## Problem details
A faithful copy of all the data is required; pictures should not be included.

## Supplied data

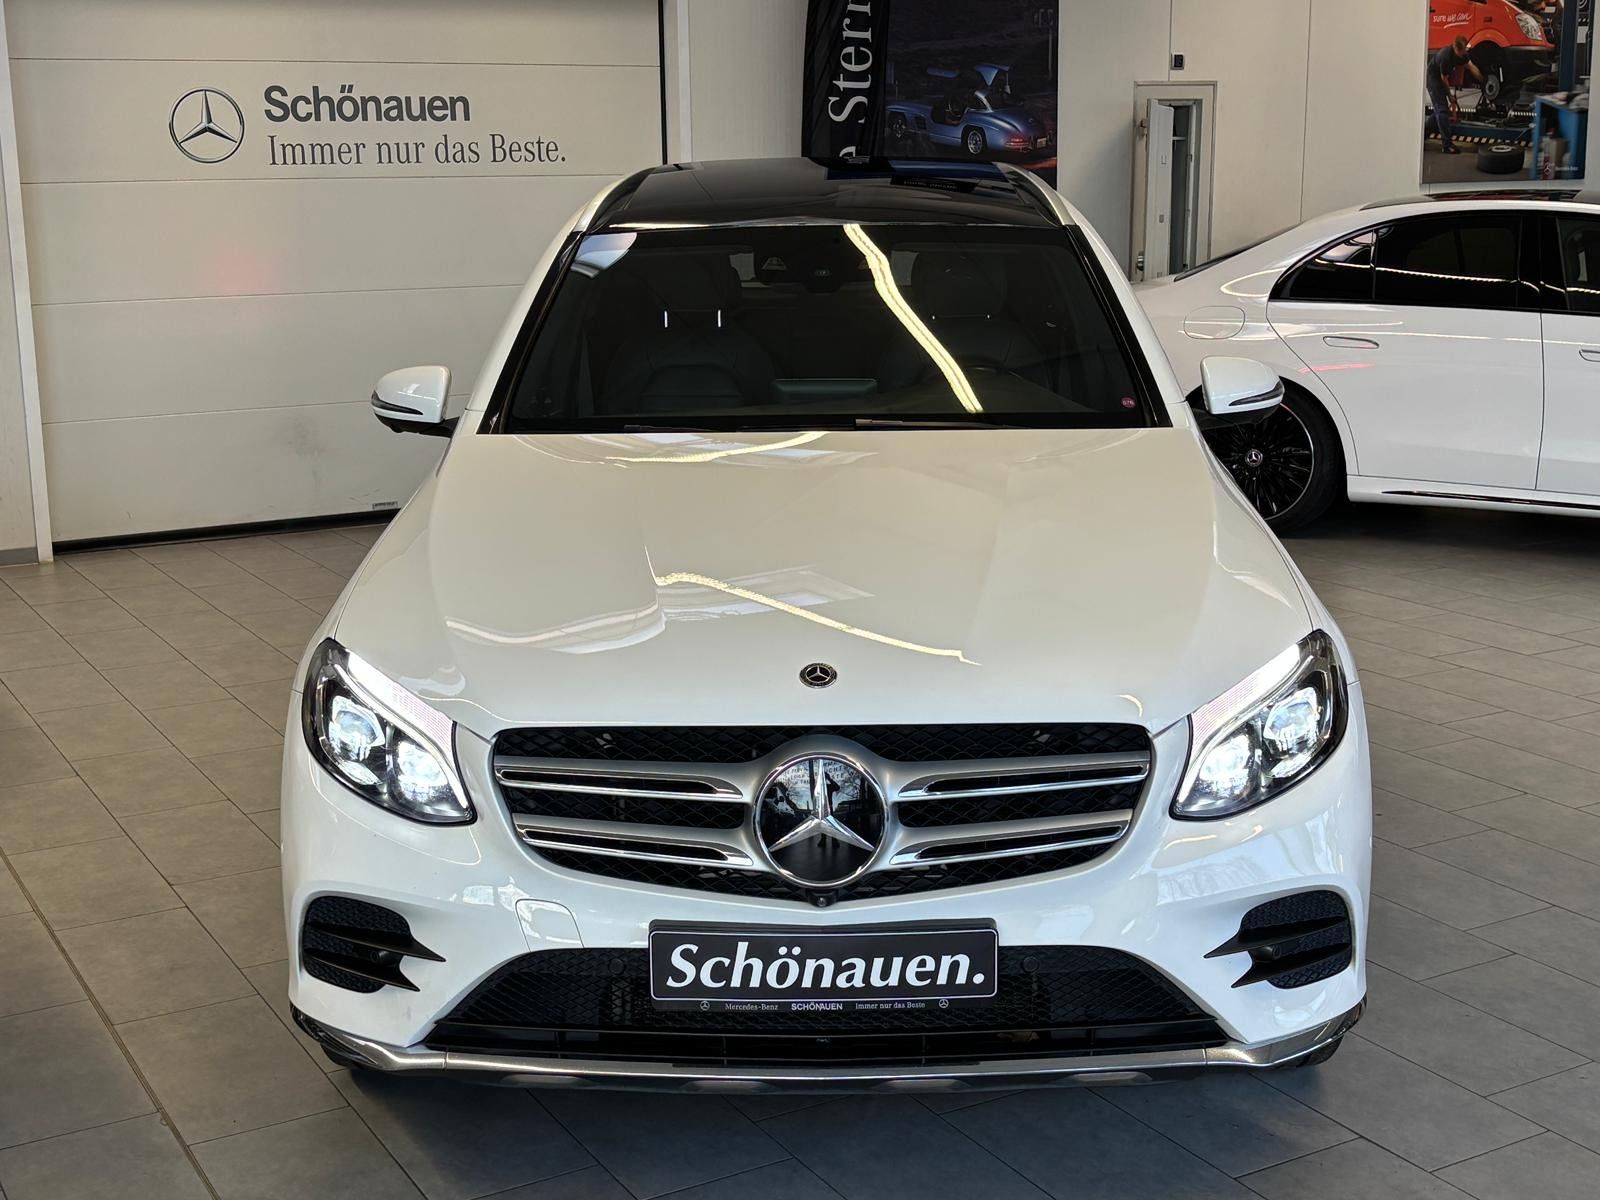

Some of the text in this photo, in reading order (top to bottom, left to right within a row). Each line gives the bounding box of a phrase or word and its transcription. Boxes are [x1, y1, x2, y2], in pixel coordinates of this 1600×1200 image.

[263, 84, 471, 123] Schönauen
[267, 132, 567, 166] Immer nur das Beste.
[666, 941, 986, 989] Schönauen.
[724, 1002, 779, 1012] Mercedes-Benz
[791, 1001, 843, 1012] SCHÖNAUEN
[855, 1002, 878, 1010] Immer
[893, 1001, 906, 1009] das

## Answer to this problem
Some of the text in this photo, in reading order (top to bottom, left to right within a row). Each line gives the bounding box of a phrase or word and its transcription. Boxes are [x1, y1, x2, y2], in pixel coordinates of this 1600×1200 image.

[263, 84, 471, 123] Schönauen
[267, 132, 567, 166] Immer nur das Beste.
[666, 941, 986, 989] Schönauen.
[724, 1002, 779, 1012] Mercedes-Benz
[791, 1001, 843, 1012] SCHÖNAUEN
[855, 1002, 878, 1010] Immer
[893, 1001, 906, 1009] das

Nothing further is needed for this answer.